Следовательно, реальная роль любой страны в международных отношениях в широком
смысле определяется ее экономическими возможностями.
Десять дней назад мне в составе делегации СВОП довелось побывать в КНР, где
прошла дискуссия с китайскими коллегами. Российские участники этого мероприятия
жаловались: мол, вы, китайцы, не хотите приобретать наши товары, не хотите
покупать наше оборудование. В ответ на это нам сообщили следующую информацию:
доля оборудования в российском экспорте в Китай составляет один процент, а в
экспорте Китая в Россию – 25 процентов. Вот и скажите, кто из нас технологически
более продвинутый? Кто от кого зависит? Кто будет доминировать в двусторонних
отношениях?
Авторитарная или демократическая
Поэтому главной задачей для России на современном этапе является переход к
успешному и глобальному экономическому развитию. И соответственно внешняя
политика должна учитывать данный фактор, причем как минимум не препятствовать
решению тех экономических задач, которые стоят перед страной.

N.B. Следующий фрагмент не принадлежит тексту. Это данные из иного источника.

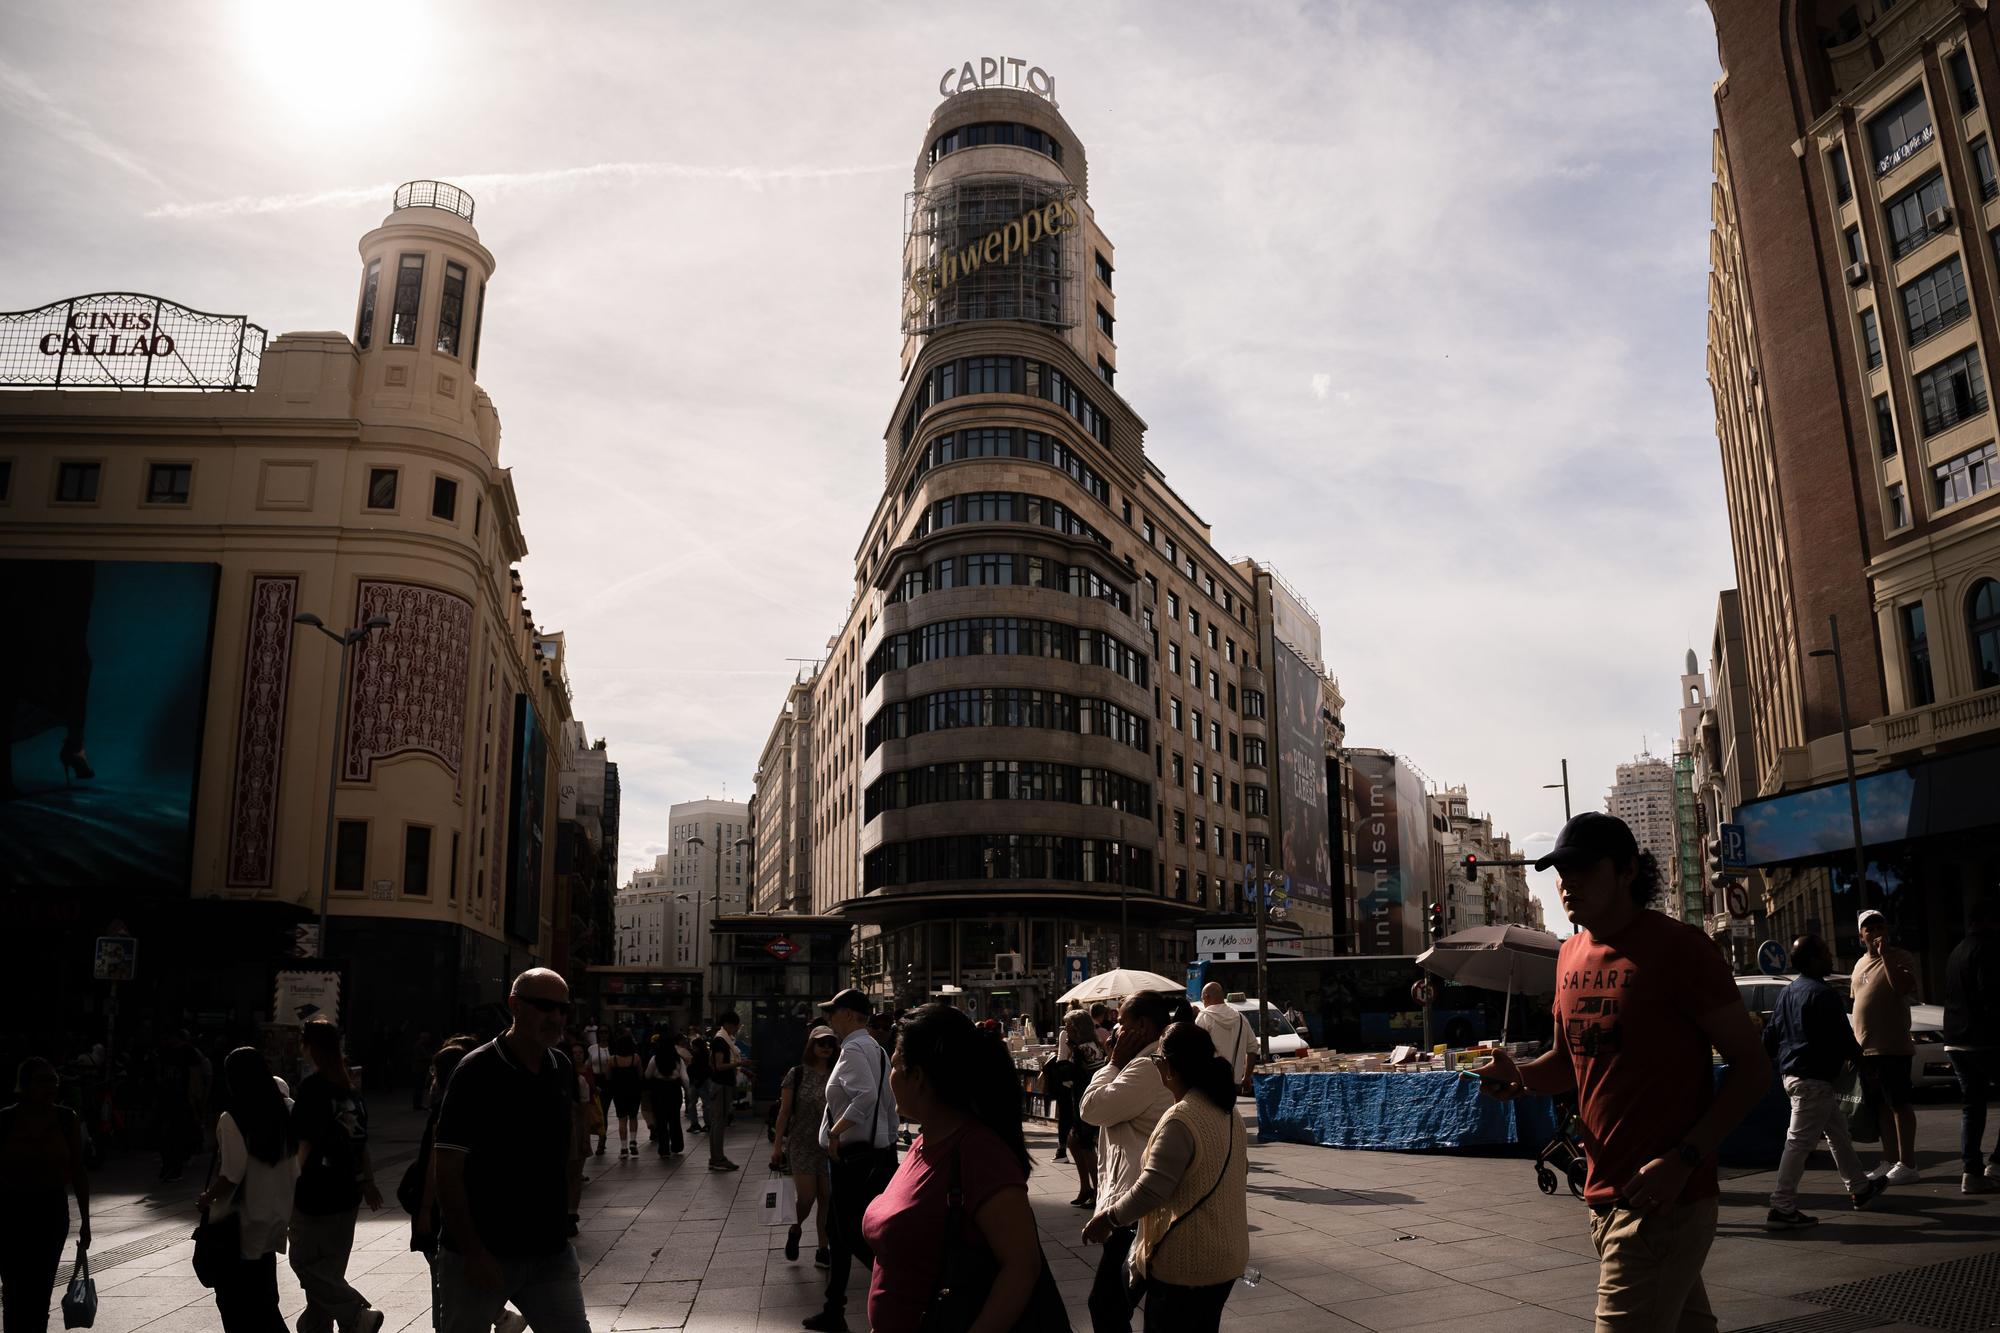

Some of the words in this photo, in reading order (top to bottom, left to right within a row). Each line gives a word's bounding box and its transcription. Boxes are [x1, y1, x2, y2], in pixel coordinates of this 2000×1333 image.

[940, 56, 1060, 109] CAPITOL
[910, 187, 1080, 318] Schweppes
[70, 311, 152, 330] CINES
[40, 333, 175, 357] CALLAO
[1370, 774, 1390, 946] intimissimi
[1728, 831, 1742, 861] P
[1563, 968, 1635, 990] SAFARI

Позволю себе рассказать анекдот: «Лидеры нашего государства договорились, по
какому пути должна пойти Россия. По пути Кореи. Осталось только выяснить какой –
Северной или Южной». Вопрос, вынесенный на одно из первых мест в нашей повестке
дня, – авторитарная или демократическая модернизация? Это и есть та развилка, на
которой мы сегодня стоим. Авторитарная модернизация – это путь Северной Кореи,
это изоляционизм, опора на собственные силы. Это евразийство. Мы не с Европой,
мы не с Азией. Мы великая держава. У нас есть все ресурсы. У нас есть
возможности. Мы будем делать свой прорыв в пяти технологических направлениях. И
все это сделаем сами. У нас все есть, всего достаточно. Такая позиция – главная
ошибка идеологов авторитарной или, как ее сейчас стали называть, очаговой
модернизации. Потому что быть независимым в современном мире невозможно.

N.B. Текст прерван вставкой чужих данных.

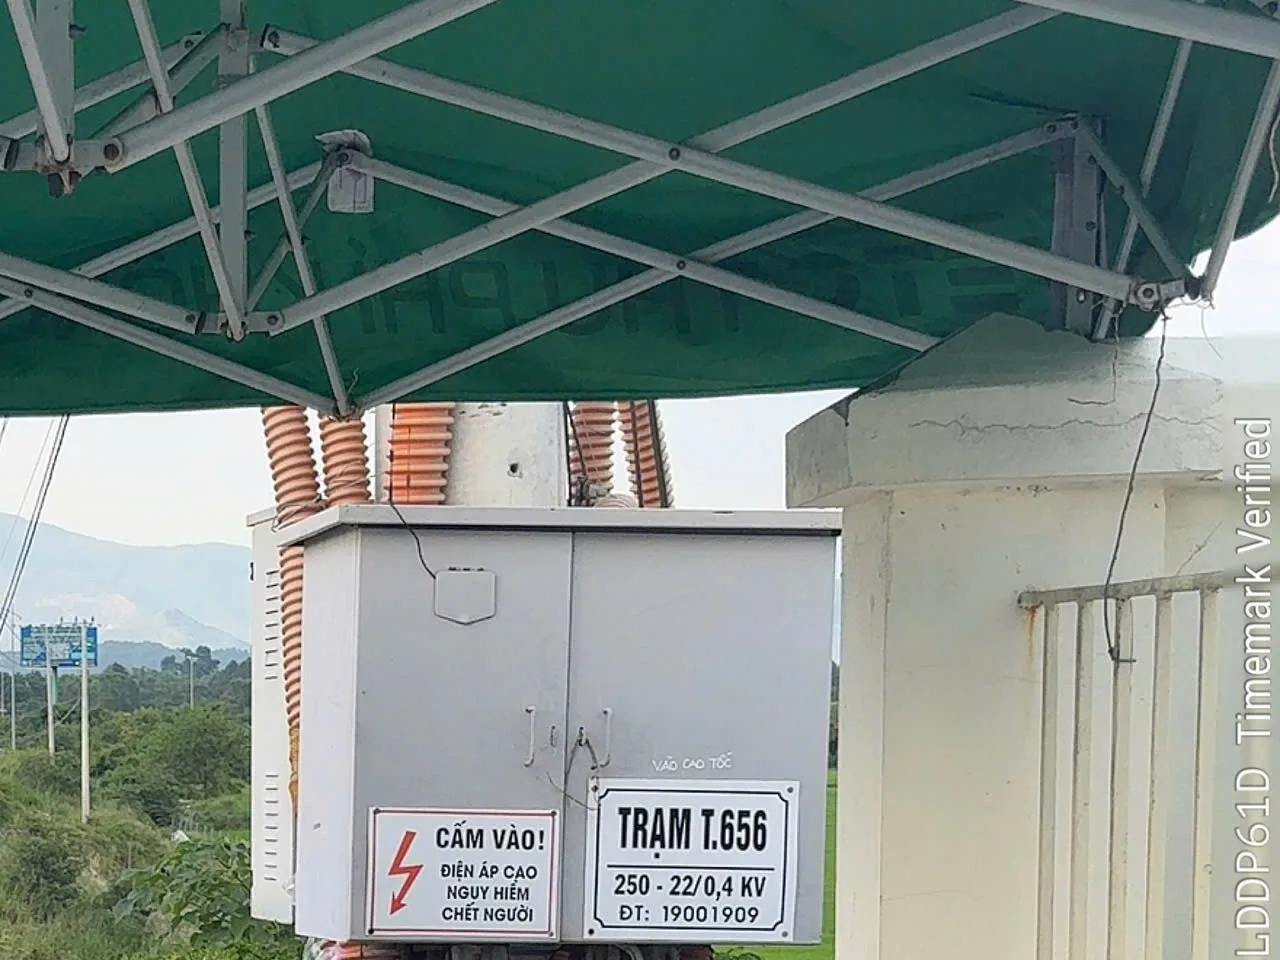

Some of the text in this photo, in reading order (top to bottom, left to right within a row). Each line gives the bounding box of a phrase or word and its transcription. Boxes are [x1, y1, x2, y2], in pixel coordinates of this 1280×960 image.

[682, 758, 705, 769] CAO
[436, 820, 545, 850] CẤM VÀO!
[618, 807, 767, 859] TRẠM T.656
[441, 860, 537, 881] ĐIỆN ÁP CAO
[447, 879, 529, 900] NGUY HIỂM
[614, 874, 650, 895] 250
[669, 875, 733, 901] 22/0,4
[741, 876, 766, 897] KV
[442, 902, 533, 922] CHẾT NGƯỜI
[620, 905, 759, 923] ĐT: 19001909
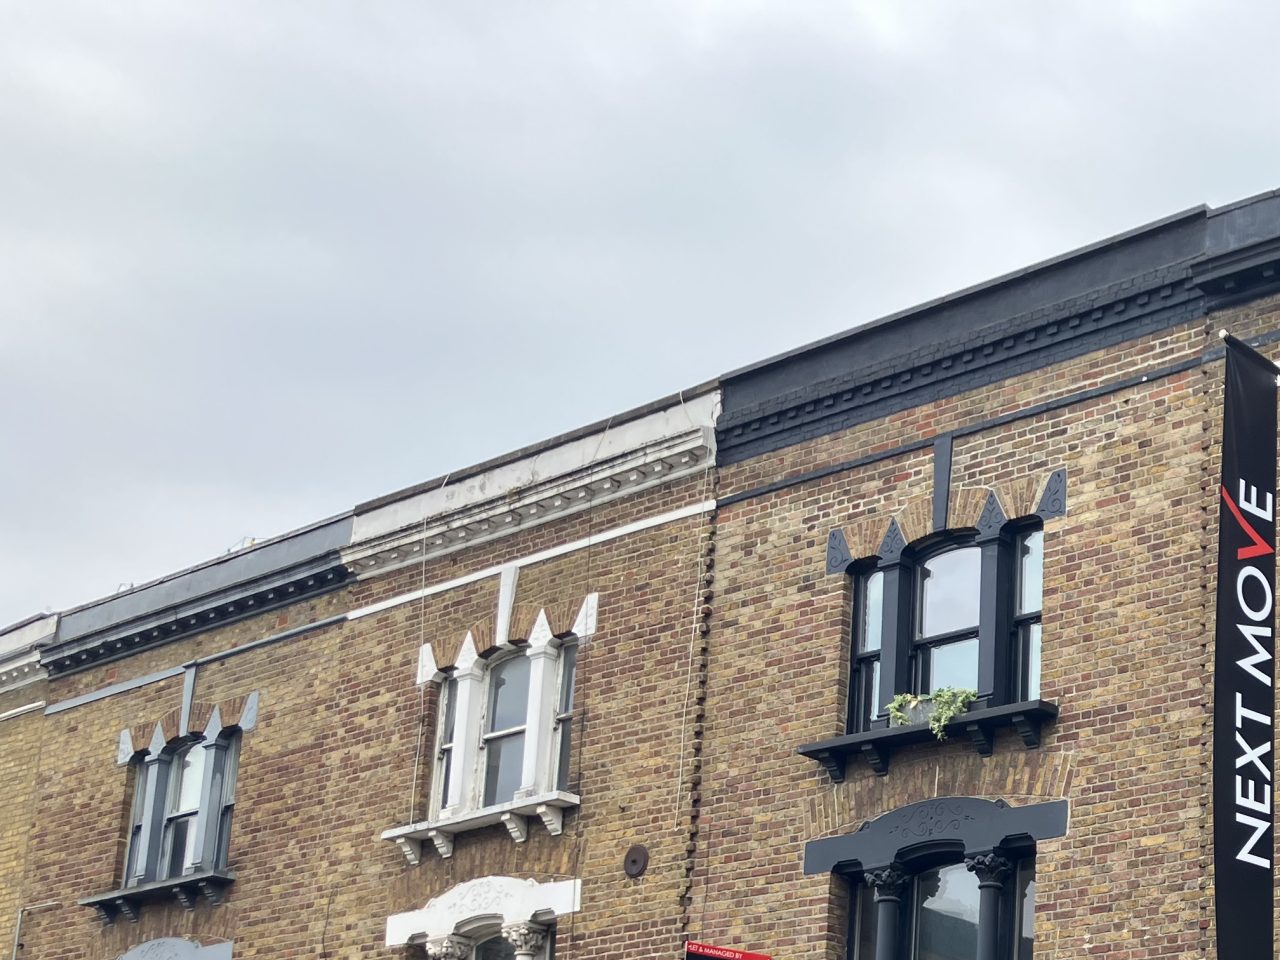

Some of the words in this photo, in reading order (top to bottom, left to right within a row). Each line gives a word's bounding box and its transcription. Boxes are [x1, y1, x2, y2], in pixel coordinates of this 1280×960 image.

[1221, 478, 1275, 688] MOVE
[1235, 691, 1272, 869] NEXT
[704, 948, 735, 958] MANAGED

Экономическое развитие опирается на капитал, а современный капитал – это не
деньги и даже не оборудование, которое можно купить. Современный капитал – это
знания, умения, навыки. Это люди, которые способны с этим оборудованием
работать, умеют применять технологии. Люди, которые смогут научить
соотечественников трудиться, используя это оборудование. Но всего перечисленного
выше в России, к великому сожалению, нет. Вот что будет главным препятствием для
авторитарной модернизации. Имеется множество примеров в истории мировой
цивилизации последних 20–40 лет, когда страны пытались идти по пути авторитарной
модернизации. Принимались правильные решения, выбирались приоритеты, тратилась
куча времени и денег, строились современные заводы, покупалось оборудование,
страна выжимала из себя последние соки, но в результате – никакого продвижения
вперед, все оставалось примерно на том же уровне, что и раньше. Демократическая
модернизация – путь Южной Кореи.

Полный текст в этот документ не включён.